Ripping the RIAA - The American Spectator | USA News and Politics
Ripping the RIAA
by

The Recording Industry Association of America really ought to hold the moral high ground in its fight to stop illegal downloading of music. Record labels invest unquantifiable amounts of time, care, and money in finding, recording, distributing, and promoting new music. And then file-sharers take whatever songs they want without paying. But when the RIAA files a lawsuit, it faces an outcry of public “Aw, it’s just a kid who likes your music” sentiment.

People come up with all kinds of inventive hogwash to insist that downloading hasn’t hurt record labels’ bottom lines, even though the industry’s fall began at precisely the time downloading took off. It’s common sense that people won’t buy what they can get for free. Improbably, critics insist that the steep sales drop is due to a decline in music quality.

Of course, they never explain why people are downloading the music if it’s so bad. And if music quality has declined somewhat, it’s completely reasonable to suspect that’s an effect, not a cause, of the sales drop. Most bands fail, so when record labels have cash flow problems, they have to stick with familiar, generic sounds they know people will buy.

Unfortunately, the RIAA seems hell-bent on vindicating the anger that so many have for it. First it supported forcing colleges to police students’ Internet activities. And now it’s claiming that ripping legally purchased CDs — putting the songs on a computer, even if just for one’s own use — is illegal.

The case revolves around Arizona’s Jeffrey Howell. The lawsuit itself wouldn’t be particularly unusual — the RIAA is suing Howell for allegedly sharing music songs he hadn’t purchased — but an RIAA brief argues that sharing isn’t the only problem.

According to this legal trial balloon, all of the MP3 files on Howell’s computer, even the ones he made from CDs he’d purchased legally, are “unauthorized copies.”

The RIAA apparently has no scruples about taking on the role of most unpopular organization in the known universe, but self-preservation should make the brass pull back here. This new argument is, at best, a dubious legal strategy. And its effect on sales is not likely to be good.

FAIR USE IS THE question here. When a media company grants a customer access to a product, the consumer can use the material in a number of ways. Most importantly, he can tape TV shows for his own viewing. No court has ever explicitly ruled on CD ripping, but it’s not clear what the difference is.

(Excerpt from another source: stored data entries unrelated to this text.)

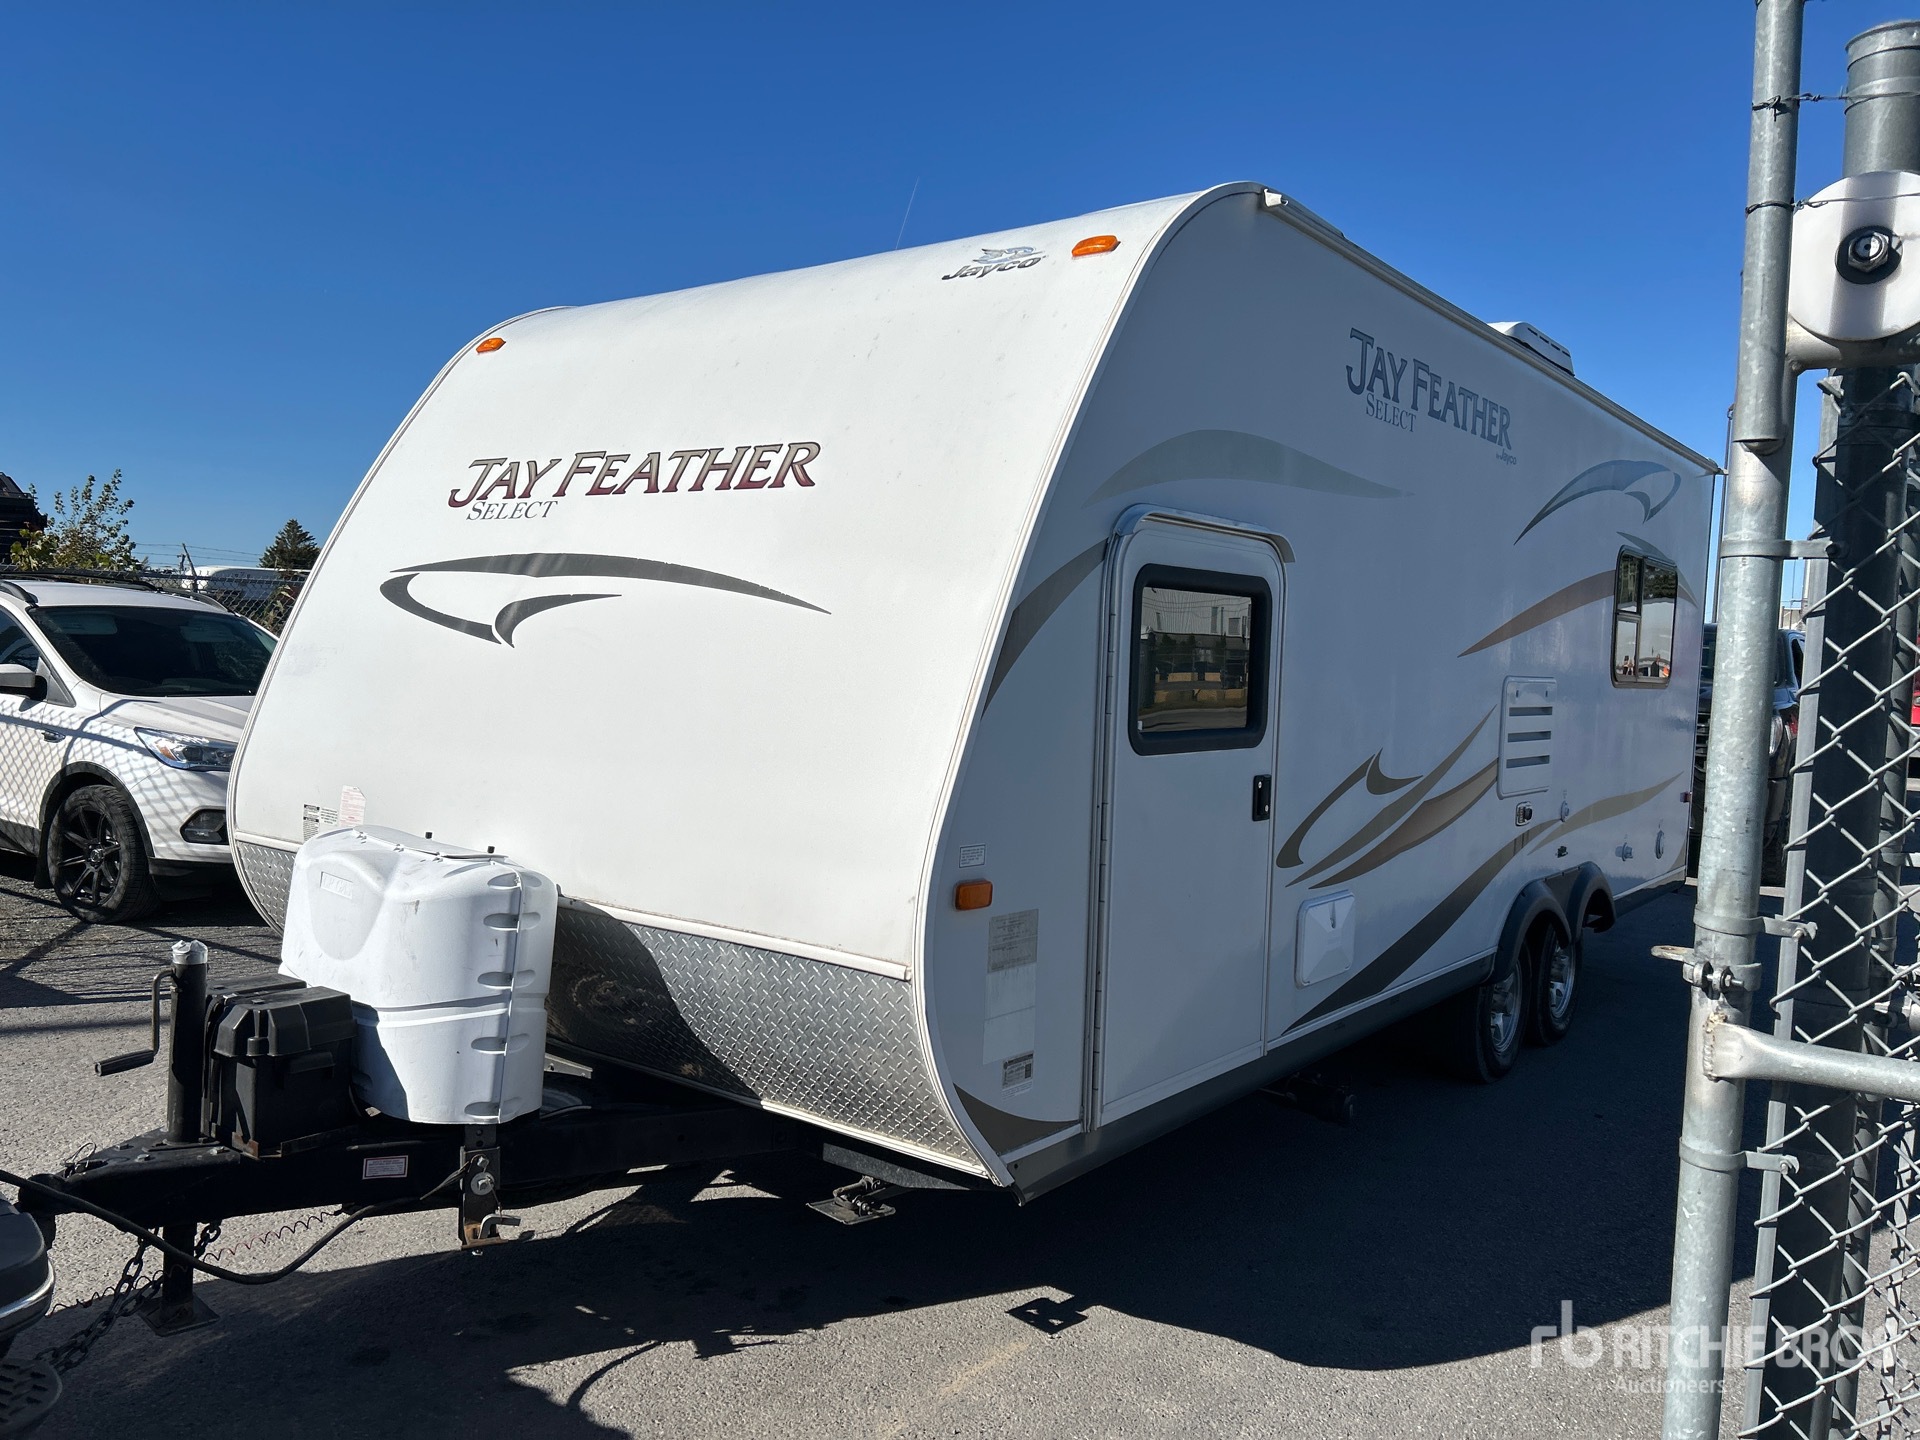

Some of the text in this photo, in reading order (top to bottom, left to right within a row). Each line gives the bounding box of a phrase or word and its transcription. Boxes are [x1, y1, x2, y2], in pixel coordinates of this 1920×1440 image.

[941, 257, 1041, 280] Jayco
[1346, 327, 1512, 450] JAY FEATHER
[1366, 392, 1416, 433] SELECT
[448, 441, 822, 508] JAY FEATHER
[466, 500, 558, 521] SELECT

The VHS tape of 1984 and the hard drive of today both contain legally accessed material, transferred to a different format for personal use. It doesn’t matter whether that particular copy is “authorized” by the author, so long as the customer isn’t giving it to other people.

It’s also unclear what financial benefit the RIAA hopes to gain. If successful, this new anti-ripping stance will cut down on the number of people who put their music on their computers, but it will do so, disproportionately, with people who weren’t sharing the music to begin with. File-sharers are already breaking the law by giving others’ music away for free, so it’s doubtful many will stop when their behavior becomes illegal in another way.

The RIAA has had some success with lawsuits — the recording industry’s sales even rose slightly in 2004, the year the suits began, after falling since 1999; though sales have continued to tank since then — and it’s true this would lower the burden of proof. RIAA lawyers would only have to prove ripping, rather than sharing. But in the vast majority of cases, the RIAA’s targets settle out of court anyway.

Who will most of the consumers who stop ripping music be? Many customers like having high-quality sound for their home systems, but also want small files to put on their MP3 players and iPods. These people are best served by CDs — which contain high-definition audio, but can be ripped to a computer file, compressed to a fraction of the original size, and transferred to a tiny device that holds hundreds of songs.

Maybe these customers will turn to legal downloads and suffer the quality loss on their home systems (and the lack of supporting materials like insert booklets). Maybe they’ll put their iPods away, or even buy both CDs and legal files, paying twice for the same material. Or maybe, fed up with the way they were treated when they paid for material, they’ll go for illegal downloads.

Whatever happens, the RIAA will have put the screws to paying customers.

By and large, I believe that the RIAA is right on matters of piracy. But that won’t matter at all if its actions create in customers nothing but contempt for the current law, which is the one thing keeping the record labels in business.

Sign up to receive our latest updates! Register


By submitting this form, you are consenting to receive marketing emails from: . You can revoke your consent to receive emails at any time by using the SafeUnsubscribe® link, found at the bottom of every email. Emails are serviced by Constant Contact

Be a Free Market Loving Patriot. Subscribe Today!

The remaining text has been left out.